**Aim of the task**
In your copy of the data, omit the pictures and keep all else exactly as given.

Saved data entries
>>

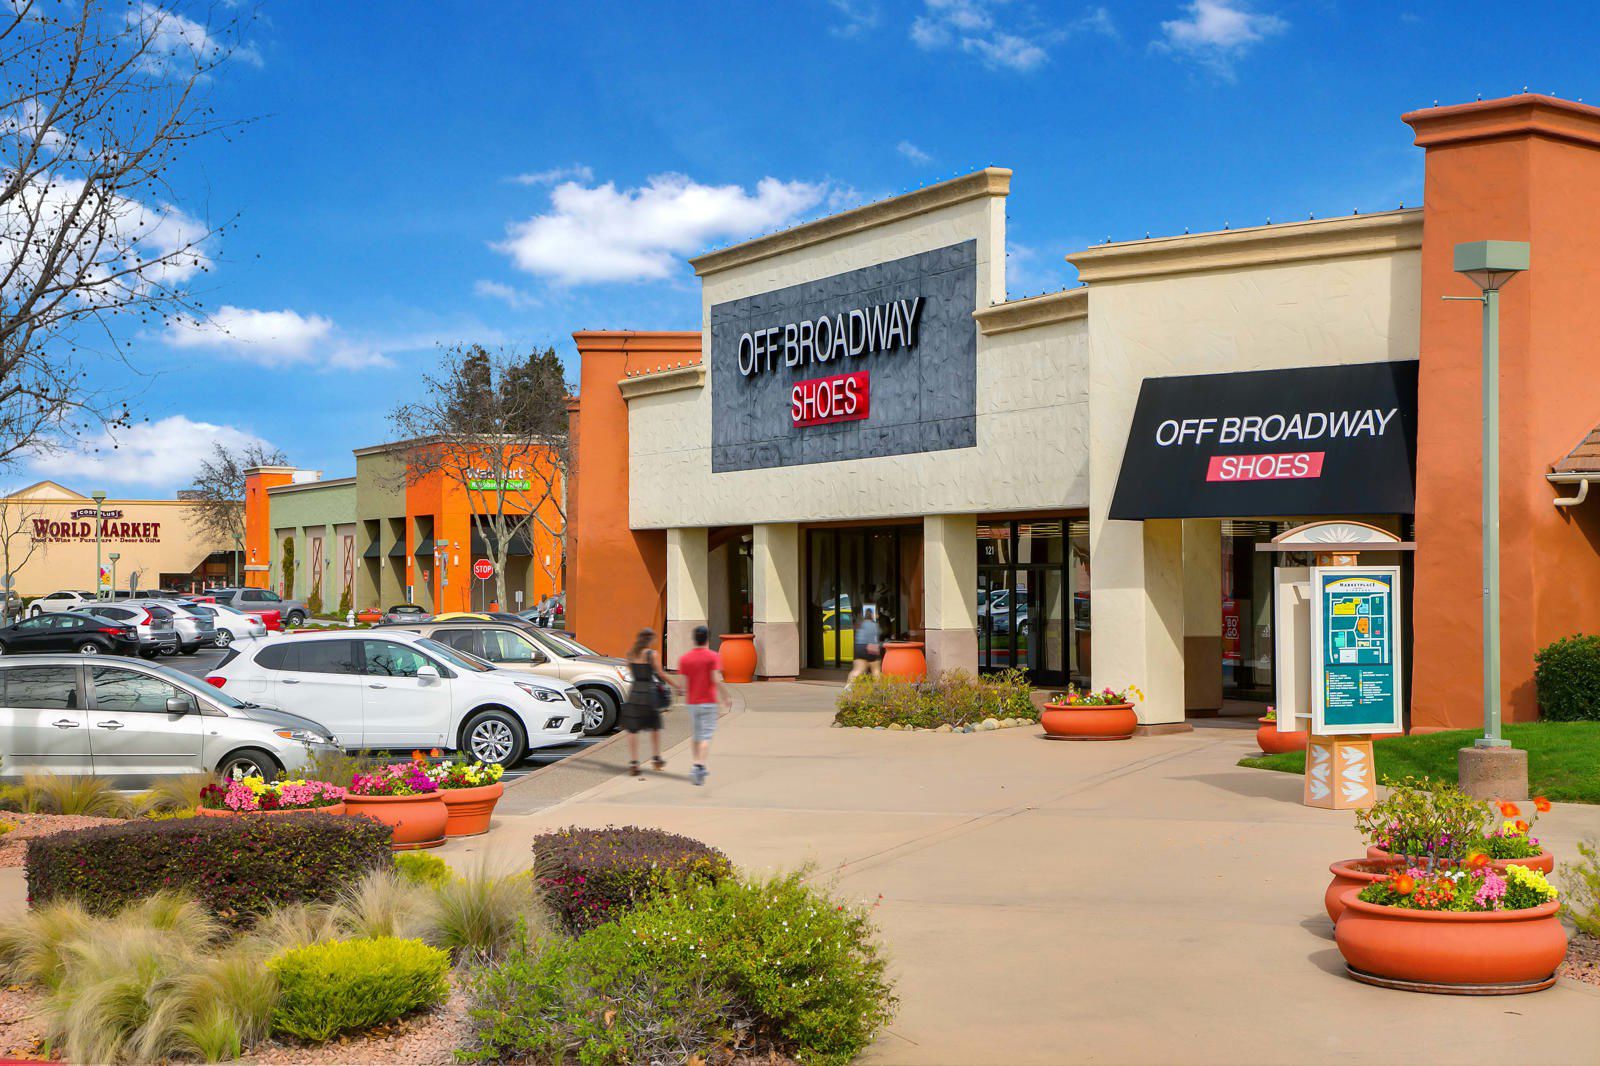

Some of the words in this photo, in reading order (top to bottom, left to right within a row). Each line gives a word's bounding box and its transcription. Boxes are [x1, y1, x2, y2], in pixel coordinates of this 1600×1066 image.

[738, 327, 780, 376] OFF
[785, 297, 920, 367] BROADWAY
[791, 377, 857, 422] SHOES
[1156, 418, 1218, 447] OFF
[1219, 408, 1398, 444] BROADWAY
[1219, 454, 1311, 480] SHOES
[32, 519, 92, 538] WORLD
[95, 519, 160, 538] MARKET
[985, 545, 994, 555] 121
[475, 565, 492, 573] STOP

<<

**Problem solution**
Some of the words in this photo, in reading order (top to bottom, left to right within a row). Each line gives a word's bounding box and its transcription. Boxes are [x1, y1, x2, y2], in pixel coordinates of this 1600×1066 image.

[738, 327, 780, 376] OFF
[785, 297, 920, 367] BROADWAY
[791, 377, 857, 422] SHOES
[1156, 418, 1218, 447] OFF
[1219, 408, 1398, 444] BROADWAY
[1219, 454, 1311, 480] SHOES
[32, 519, 92, 538] WORLD
[95, 519, 160, 538] MARKET
[985, 545, 994, 555] 121
[475, 565, 492, 573] STOP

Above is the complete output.